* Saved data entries
== Segment start ==

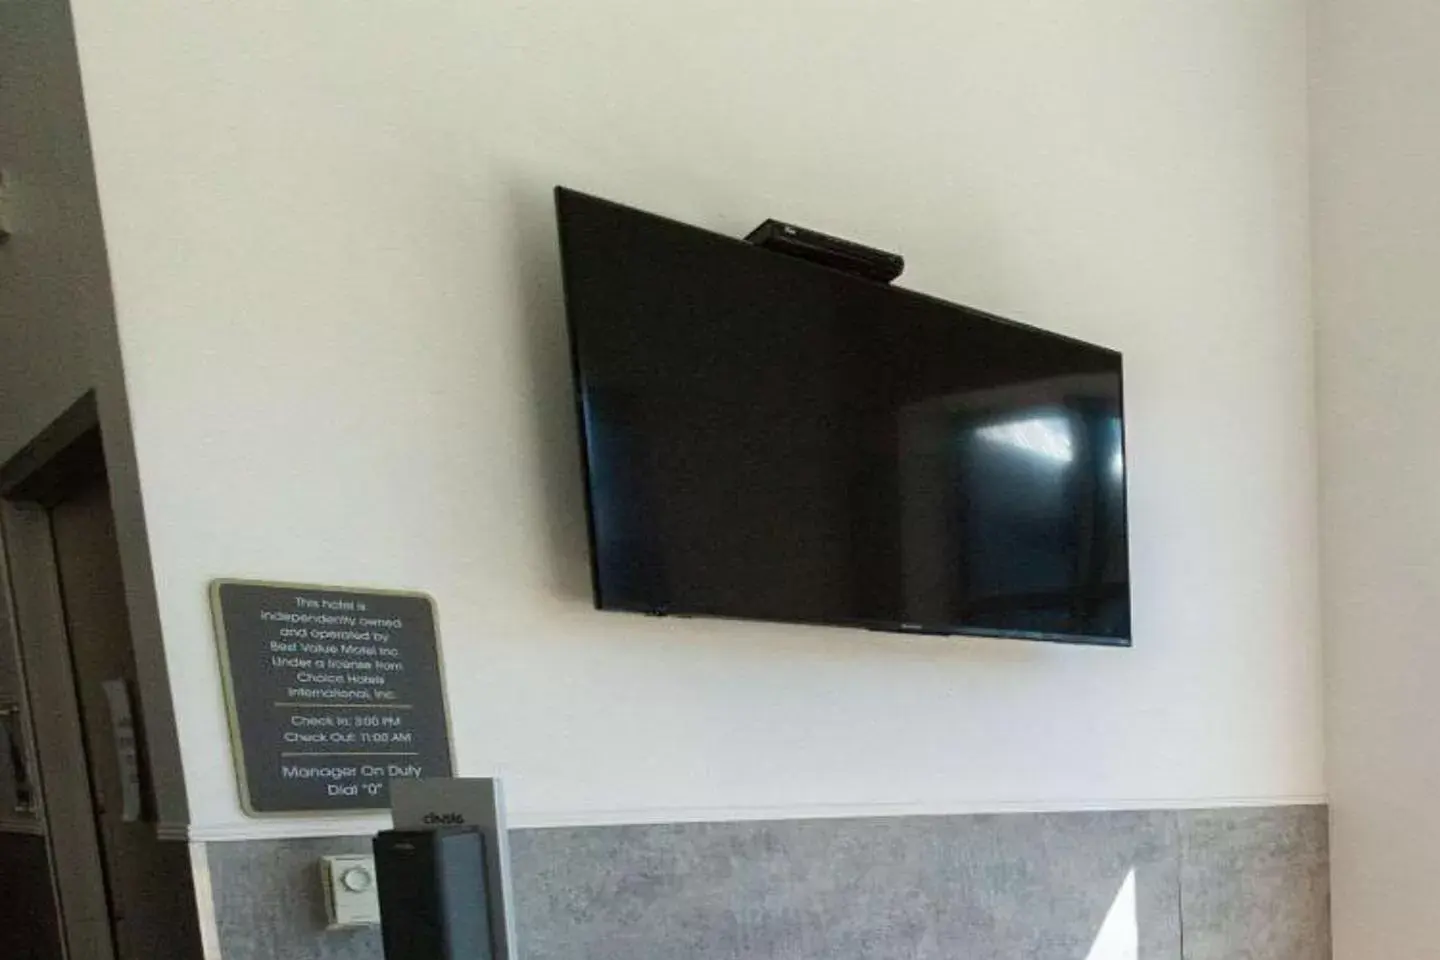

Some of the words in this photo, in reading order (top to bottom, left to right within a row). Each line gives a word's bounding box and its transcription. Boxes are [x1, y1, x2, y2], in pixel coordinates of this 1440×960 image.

[296, 597, 320, 608] This
[360, 616, 402, 628] owned
[280, 628, 307, 638] and
[310, 630, 370, 641] operated
[374, 632, 389, 642] by
[270, 641, 298, 652] Best
[301, 643, 336, 653] Value
[340, 645, 376, 656] Motel
[272, 656, 312, 668] Under
[316, 660, 324, 668] a
[328, 659, 372, 670] license
[376, 661, 402, 672] from
[296, 672, 344, 683] Choice
[348, 674, 385, 685] Hotels
[291, 715, 334, 726] Check
[382, 717, 401, 726] PM
[284, 732, 328, 742] Check
[361, 732, 389, 742] 11:00
[390, 732, 412, 743] AM
[282, 765, 356, 780] Manager
[360, 766, 385, 776] On
[388, 765, 422, 778] Duty
[328, 783, 358, 796] Dial
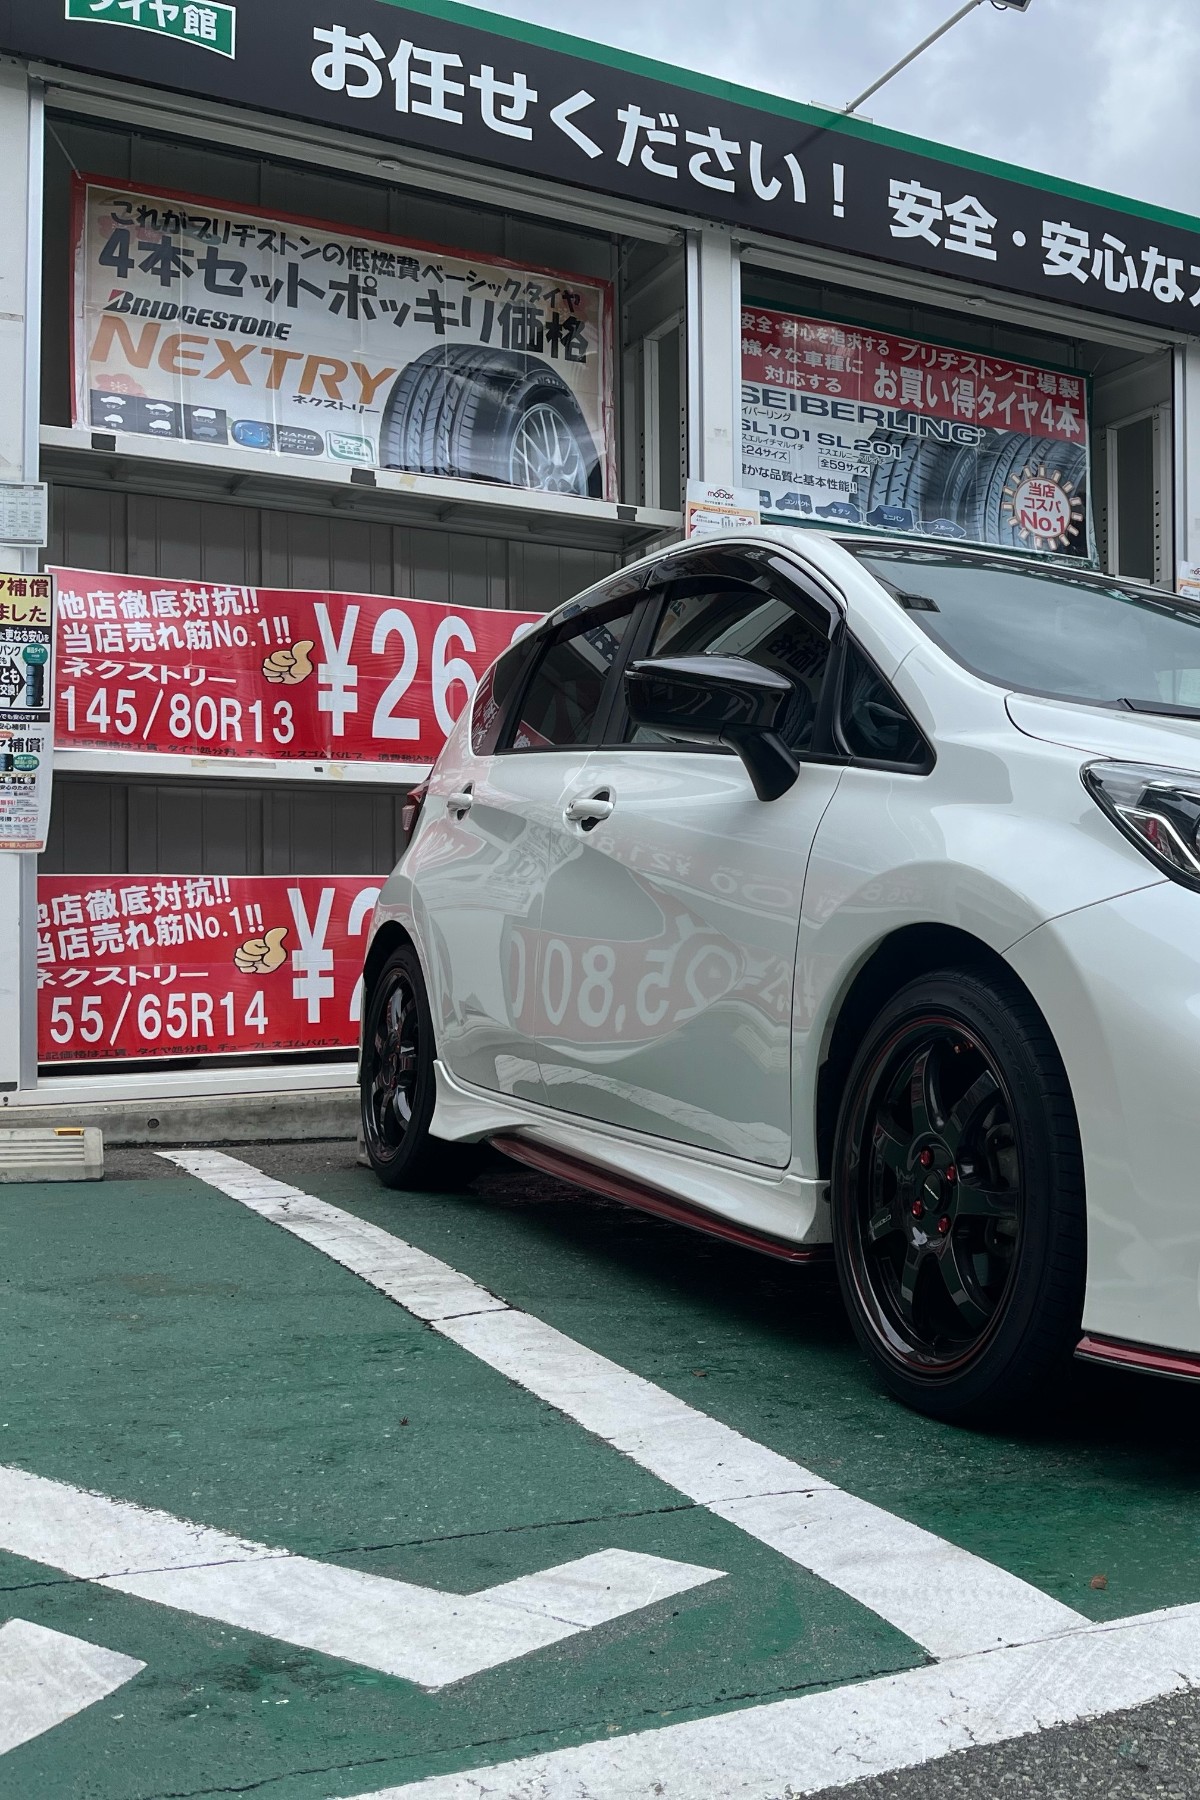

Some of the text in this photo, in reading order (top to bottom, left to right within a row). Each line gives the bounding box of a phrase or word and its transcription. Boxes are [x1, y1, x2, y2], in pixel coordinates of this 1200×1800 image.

[99, 228, 589, 363] 4本セットポッキリ価格
[103, 289, 292, 341] BRIDGESTONE
[741, 312, 890, 355] 安全・安心を追求する
[90, 314, 398, 405] NEXTRY
[741, 338, 863, 374] 様々な車種に
[898, 342, 1080, 399] ブリヂストン工場製
[765, 364, 842, 393] 対応する
[292, 394, 380, 414] ネクストリー
[873, 362, 1081, 438] お買い得タイヤ4本
[741, 386, 979, 446] SEIBERLING
[278, 430, 317, 440] NANO
[817, 433, 902, 460] SL201
[820, 458, 870, 474] 全59サイズ
[785, 498, 811, 507] コンパクト
[1029, 481, 1056, 498] 当店
[831, 507, 851, 516] セダン
[882, 514, 904, 522] ミニバン
[1024, 496, 1061, 513] コスパ
[1020, 509, 1065, 533] No.1
[57, 587, 259, 621] 他店徹底対抗!!
[63, 615, 291, 653] 当店売れ筋No.1!!
[61, 658, 238, 686] ネクストリー
[60, 687, 295, 743] 145/80R13
[38, 965, 209, 989] ネクストリー
[50, 990, 269, 1046] 55/65R14

== Segment end ==

* WHAT YOU ARE ASKED TO DO
Keep every word of the lines above unchanged in the copy, and omit the pictures.

* ANSWER FOR THE TASK
Some of the words in this photo, in reading order (top to bottom, left to right within a row). Each line gives a word's bounding box and its transcription. Boxes are [x1, y1, x2, y2], in pixel coordinates of this 1440×960 image.

[296, 597, 320, 608] This
[360, 616, 402, 628] owned
[280, 628, 307, 638] and
[310, 630, 370, 641] operated
[374, 632, 389, 642] by
[270, 641, 298, 652] Best
[301, 643, 336, 653] Value
[340, 645, 376, 656] Motel
[272, 656, 312, 668] Under
[316, 660, 324, 668] a
[328, 659, 372, 670] license
[376, 661, 402, 672] from
[296, 672, 344, 683] Choice
[348, 674, 385, 685] Hotels
[291, 715, 334, 726] Check
[382, 717, 401, 726] PM
[284, 732, 328, 742] Check
[361, 732, 389, 742] 11:00
[390, 732, 412, 743] AM
[282, 765, 356, 780] Manager
[360, 766, 385, 776] On
[388, 765, 422, 778] Duty
[328, 783, 358, 796] Dial

Some of the text in this photo, in reading order (top to bottom, left to right within a row). Each line gives the bounding box of a phrase or word and its transcription. Boxes are [x1, y1, x2, y2], in pixel coordinates of this 1200×1800 image.

[99, 228, 589, 363] 4本セットポッキリ価格
[103, 289, 292, 341] BRIDGESTONE
[741, 312, 890, 355] 安全・安心を追求する
[90, 314, 398, 405] NEXTRY
[741, 338, 863, 374] 様々な車種に
[898, 342, 1080, 399] ブリヂストン工場製
[765, 364, 842, 393] 対応する
[292, 394, 380, 414] ネクストリー
[873, 362, 1081, 438] お買い得タイヤ4本
[741, 386, 979, 446] SEIBERLING
[278, 430, 317, 440] NANO
[817, 433, 902, 460] SL201
[820, 458, 870, 474] 全59サイズ
[785, 498, 811, 507] コンパクト
[1029, 481, 1056, 498] 当店
[831, 507, 851, 516] セダン
[882, 514, 904, 522] ミニバン
[1024, 496, 1061, 513] コスパ
[1020, 509, 1065, 533] No.1
[57, 587, 259, 621] 他店徹底対抗!!
[63, 615, 291, 653] 当店売れ筋No.1!!
[61, 658, 238, 686] ネクストリー
[60, 687, 295, 743] 145/80R13
[38, 965, 209, 989] ネクストリー
[50, 990, 269, 1046] 55/65R14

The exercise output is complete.